“Good Fences Make Good Neighbors”

Boundaries, the bread and butter of relationships and not just romantic relationships but ALL relationships.  Boundaries establish limits and expectations on how you and others want to be treated.  Whether it’s your mother, brother or significant other, if you want a thriving relationship, developing a sound understanding of boundaries is a good starting place.  If you find yourself repeatedly saying yes when you want to say no, taking on other problems because you don’t like conflict and simply find yourself being walked on, keep reading because this article is for you.

The biggest mistake I see surrounding boundaries is people feeling as though they are a brick wall and a barrier to closeness when in actuality boundaries serve the exact opposite purpose.  Boundaries serve as guide posts creating a sense of safety and security, key elements to healthy intimacy.  If you have loose, chaotic boundaries, establishing healthy limits may initially feel like a brick wall to you and those around you.  The healthy individuals in your life will rise to the occasion, confront their own issues with boundaries and adapt while the unhealthy will not adapt, want you to go back to your old chaotic ways and will eventually move on.

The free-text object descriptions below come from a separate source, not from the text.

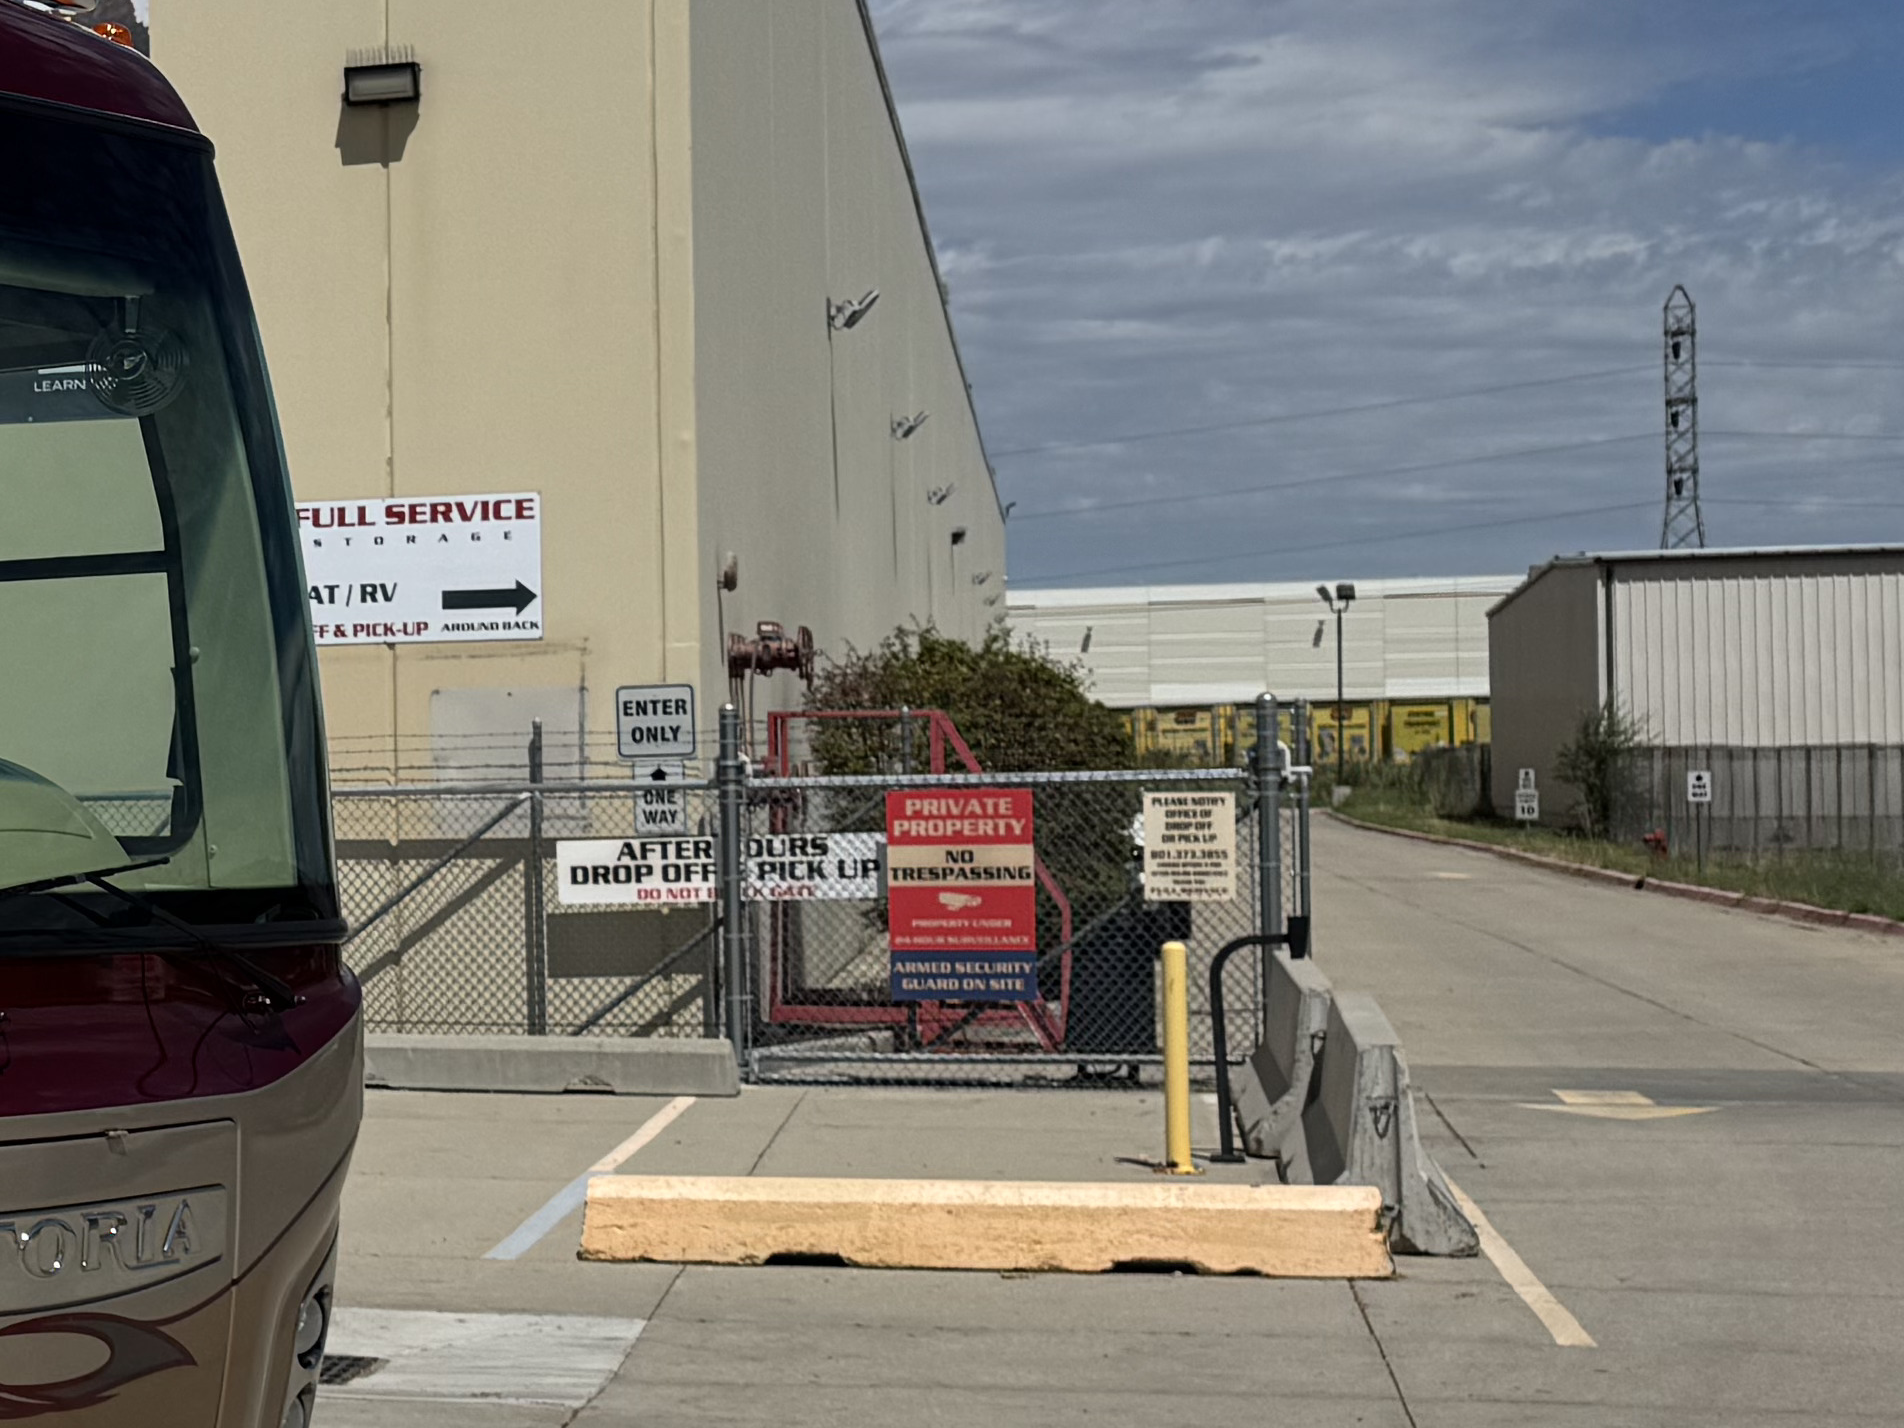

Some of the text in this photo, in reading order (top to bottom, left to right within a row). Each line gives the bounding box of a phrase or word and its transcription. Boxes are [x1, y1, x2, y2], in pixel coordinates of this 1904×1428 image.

[34, 379, 86, 392] LEARN
[296, 498, 535, 528] FULL SERVICE
[360, 582, 398, 604] RV
[333, 623, 348, 639] &
[352, 621, 429, 639] PICK-UP
[441, 620, 539, 632] AROUND BACK
[623, 699, 687, 716] ENTER
[631, 725, 681, 743] ONLY
[644, 788, 677, 805] ONE
[905, 797, 1013, 817] PRIVATE
[642, 808, 678, 825] WAY
[894, 818, 1026, 837] PROPERTY
[617, 836, 829, 861] AFTER OURS
[945, 849, 974, 864] NO
[570, 857, 881, 884] DROP OFF PICK UP
[891, 866, 1032, 881] TRESPASSING
[637, 887, 662, 900] DO
[667, 887, 702, 899] NOT
[894, 961, 1032, 974] ARMED SECURITY
[901, 978, 1025, 990] GUARD ON SITE
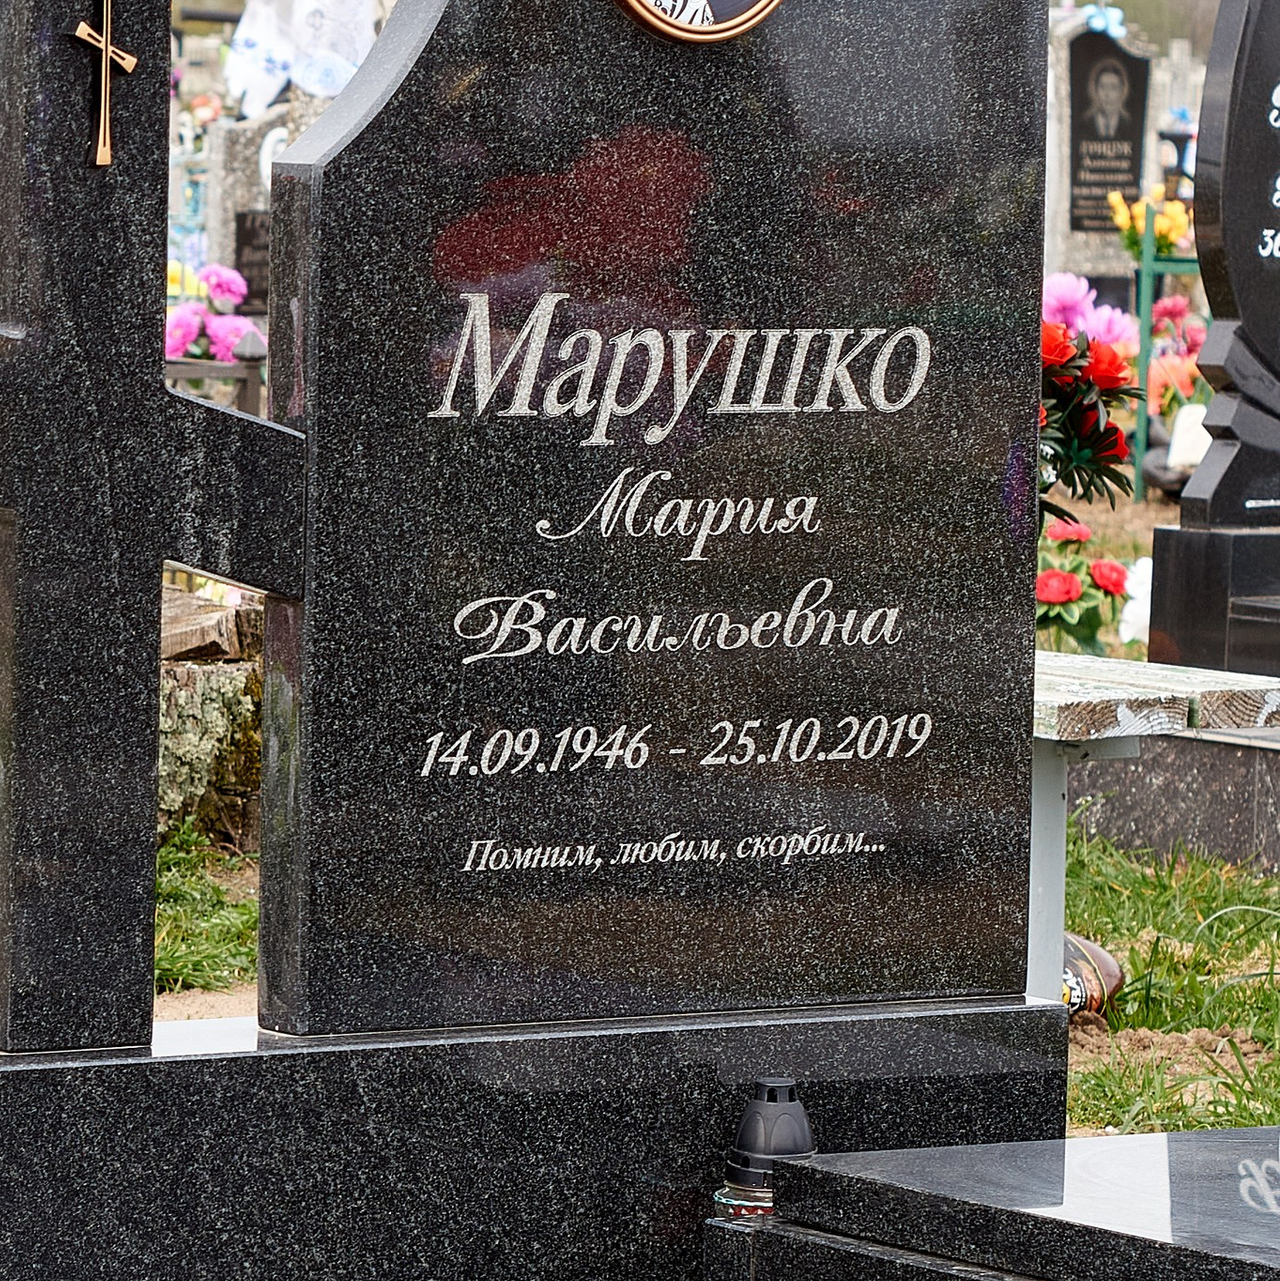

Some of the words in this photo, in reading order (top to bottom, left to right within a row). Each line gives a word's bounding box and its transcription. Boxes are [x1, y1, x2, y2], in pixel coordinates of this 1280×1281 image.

Most of us were raised in situations where boundaries were not clear so our understanding of boundaries is as unclear as our earlier examples. I like starting with Basic Personal Rights for people to understand where they can go with boundaries.  As you read this, keep in mind those around you are entitled to the exact same rights.

Basic Personal Rights
You have the right:

 to privacy — in marriage, in family, in any relationship, in any group — the
right to keep a part of your life secret, no matter how trivial or how important,
merely because you want it to be that way. And you have the right to be
alone part of each day, each week, and each year, to spend time with yourself.
 on occasions to make demands of others.
 to ask for consideration, help, and/or affection from others.
 to say “no” without feeling guilty or selfish.
 to hear “no” without feeling unworthy.
 to ask questions of anyone, at any time, in any manner that affects your life,
so long as it is your business to do so, and to be listened to and taken
seriously.
 to have your opinions and ideas given the same respect and consideration
others have.
 to self-respect and to do everything you need to do to increase your selfesteem so long as you hurt no one in doing so.
 to be trusted and to trust and to be taken at your word. If you are wrong, you
have the right to be given a chance to make good if possible.
 to make mistakes and be responsible for them (not the same old ones – but
new ones).
 to not automatically be assumed wrong.
 to say “I don’t know” or “I don’t understand.”
 to have your needs be as important as another’s.
 to be free as long as you act responsibly and are mindful of the rights of
others and of those obligations that you entered freely.
 to feel and express anger and other emotions.
 to use your judgment in deciding your own needs.
 to make your own decisions.
 to tell others what your needs are.
 to ask others to change their behavior.
 to take time to sort out your reactions — before responding to other people’s
communications/actions.
 not to have others impose their values on you.